Just a quick heads up, the official ATI graphics drivers are in a bit of a mess with Arch at the minute. A combination of three factors:

  1. The Arch team have chosen to remove the drivers from the official repositories because ATI aren't releasing updates in a timely fashion. So anyone that has installed them from the official repos will not receive any more updates.

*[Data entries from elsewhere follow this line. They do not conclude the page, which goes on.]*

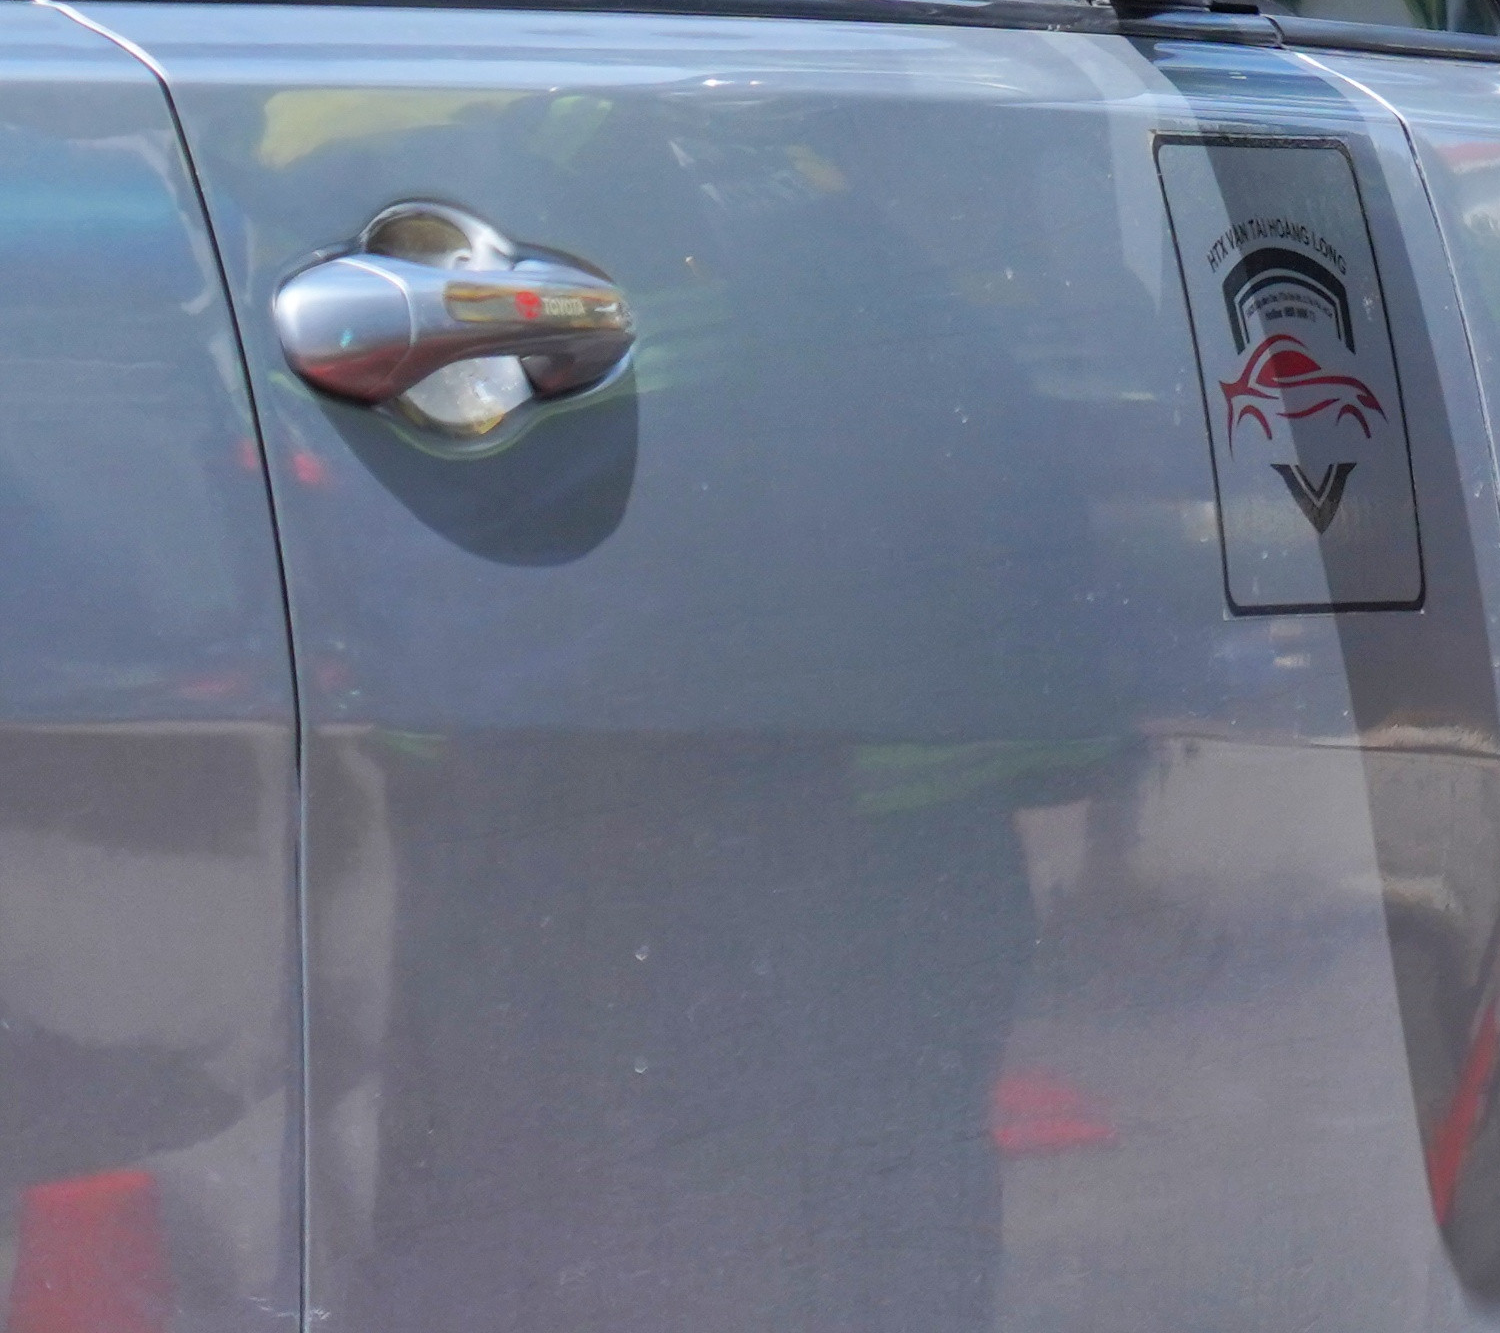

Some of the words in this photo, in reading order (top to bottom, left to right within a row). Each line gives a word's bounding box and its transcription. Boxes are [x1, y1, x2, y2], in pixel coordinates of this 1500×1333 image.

[1206, 236, 1229, 273] HTX
[1311, 230, 1347, 275] LONG
[541, 297, 586, 316] TOYOTA
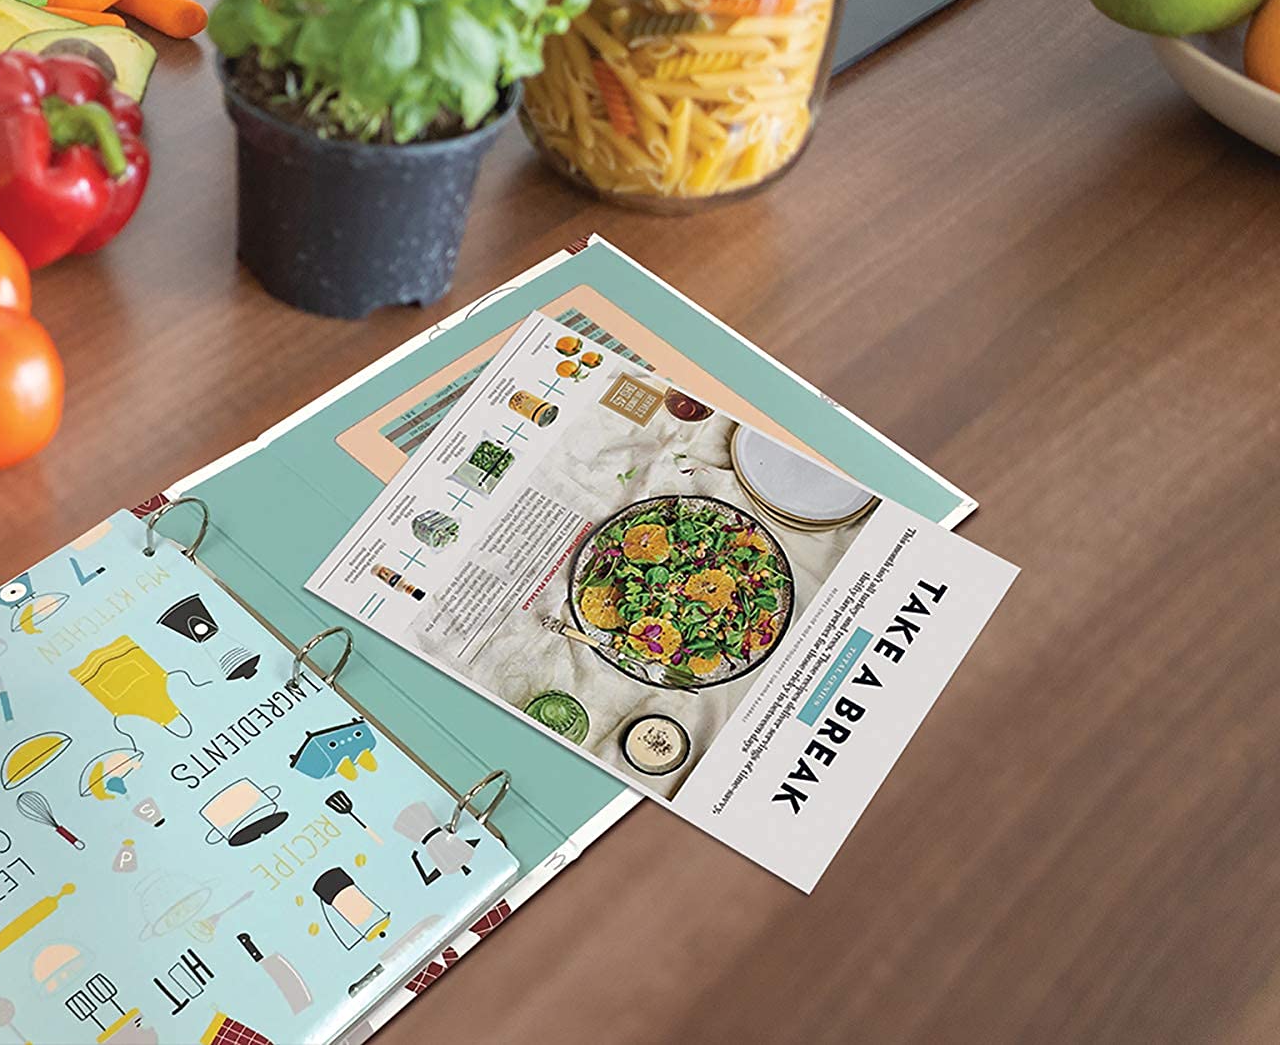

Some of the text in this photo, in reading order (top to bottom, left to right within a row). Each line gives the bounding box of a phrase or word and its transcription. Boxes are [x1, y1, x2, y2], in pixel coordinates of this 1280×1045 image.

[898, 526, 916, 546] This
[882, 543, 905, 568] month
[847, 569, 872, 597] thrifty
[865, 581, 879, 594] all
[34, 564, 172, 665] MY KITCHEN
[838, 595, 855, 613] fare
[847, 590, 872, 617] turkey
[818, 610, 844, 639] perfect
[838, 615, 855, 632] and
[811, 636, 827, 651] for
[824, 630, 845, 653] trees.
[797, 648, 818, 671] those
[808, 651, 831, 676] These
[780, 667, 804, 694] tricky
[788, 672, 815, 703] recipes
[811, 645, 857, 707] TOTAL GENIUS
[772, 580, 947, 813] TAKE A BREAK
[771, 700, 796, 730] deliver
[168, 671, 324, 791] INGREDIENTS
[738, 731, 760, 754] days
[747, 726, 778, 763] servings
[249, 813, 343, 891] RECIPE
[153, 948, 214, 1014] HOT
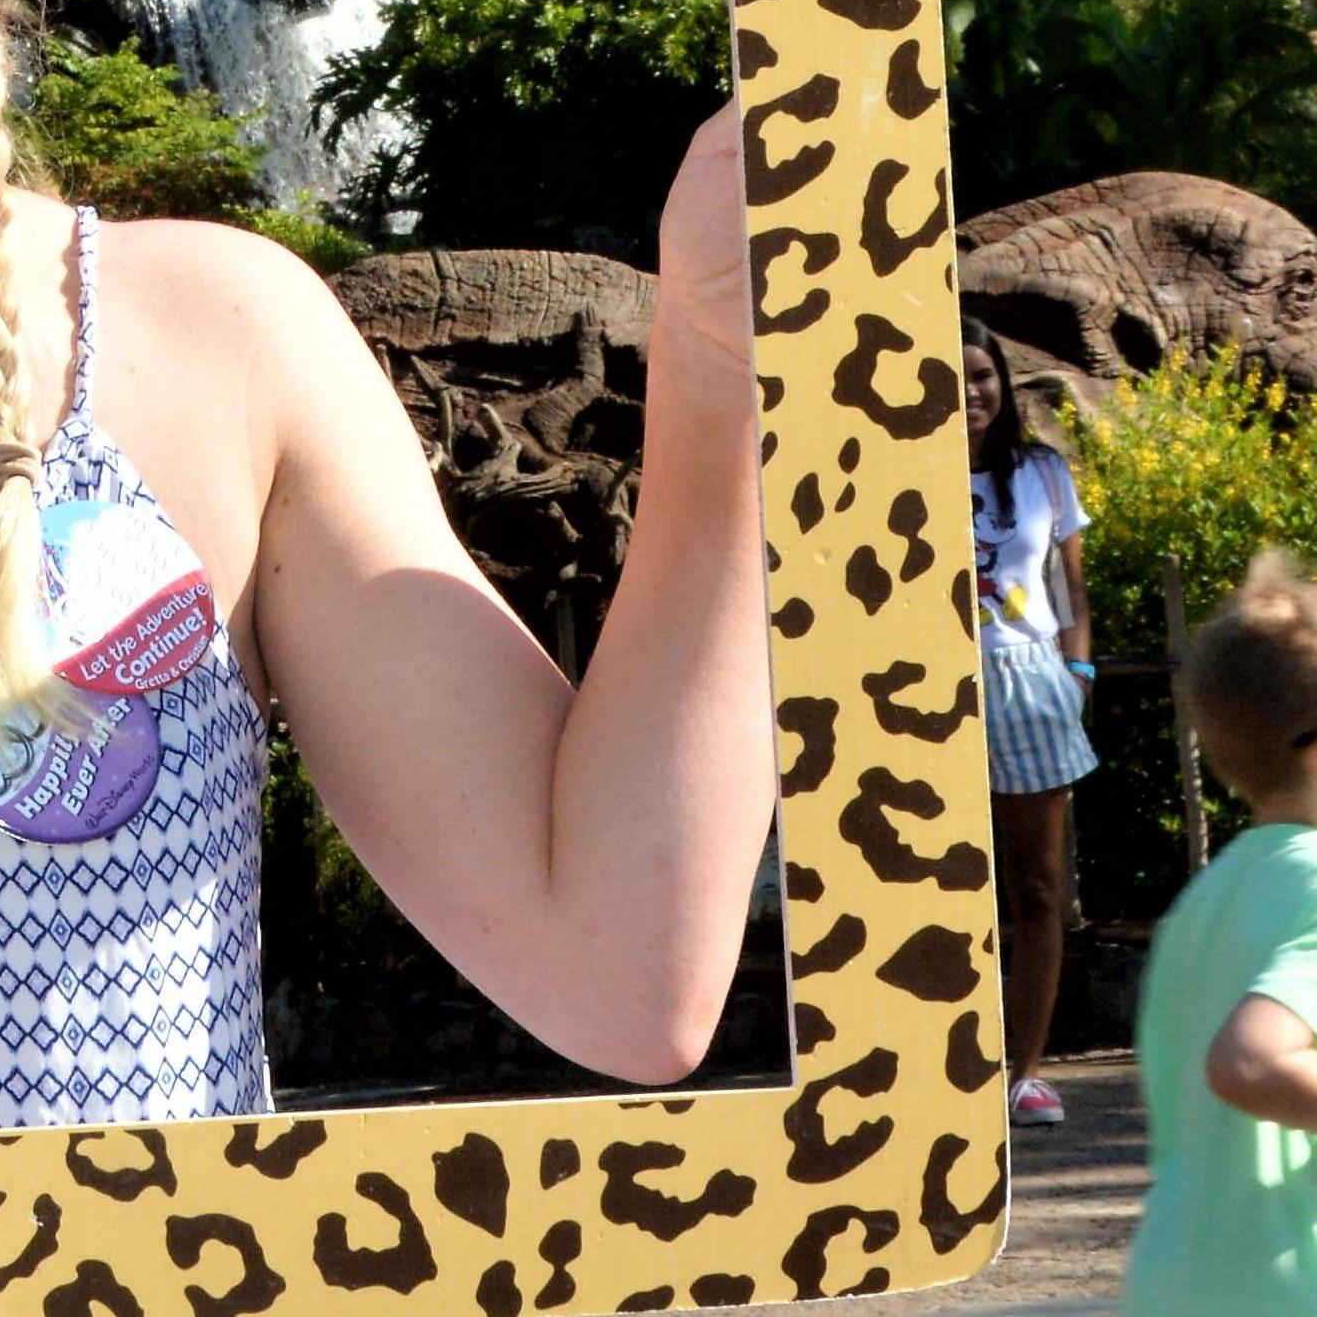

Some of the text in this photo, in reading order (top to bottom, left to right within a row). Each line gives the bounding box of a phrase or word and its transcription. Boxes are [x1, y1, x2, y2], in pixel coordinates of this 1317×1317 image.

The open-source driver (xf86-video-ati) is obviously still available.
  2. Even with the new release (13.4, to coincide with the new Ubuntu release), Xorg 1.14 isn't supported, despite 1.14 being released at the start of March.
  3. Vi0L0 (the guy who graciously maintains the unofficial Arch Catalyst releases) has removed the catalyst-utils packages from the AUR for reasons unknown thus far, so none of the AUR packages would build at the time of writing.

For anyone looking to update to the newest AMD Catalyst drivers on Arch, I'd recommend using Vi0L0's unofficial pacman repository which is detailed here, since that's the only way I could get the new release installed.

Also, for the foreseeable future, anyone seeing errors along the lines of...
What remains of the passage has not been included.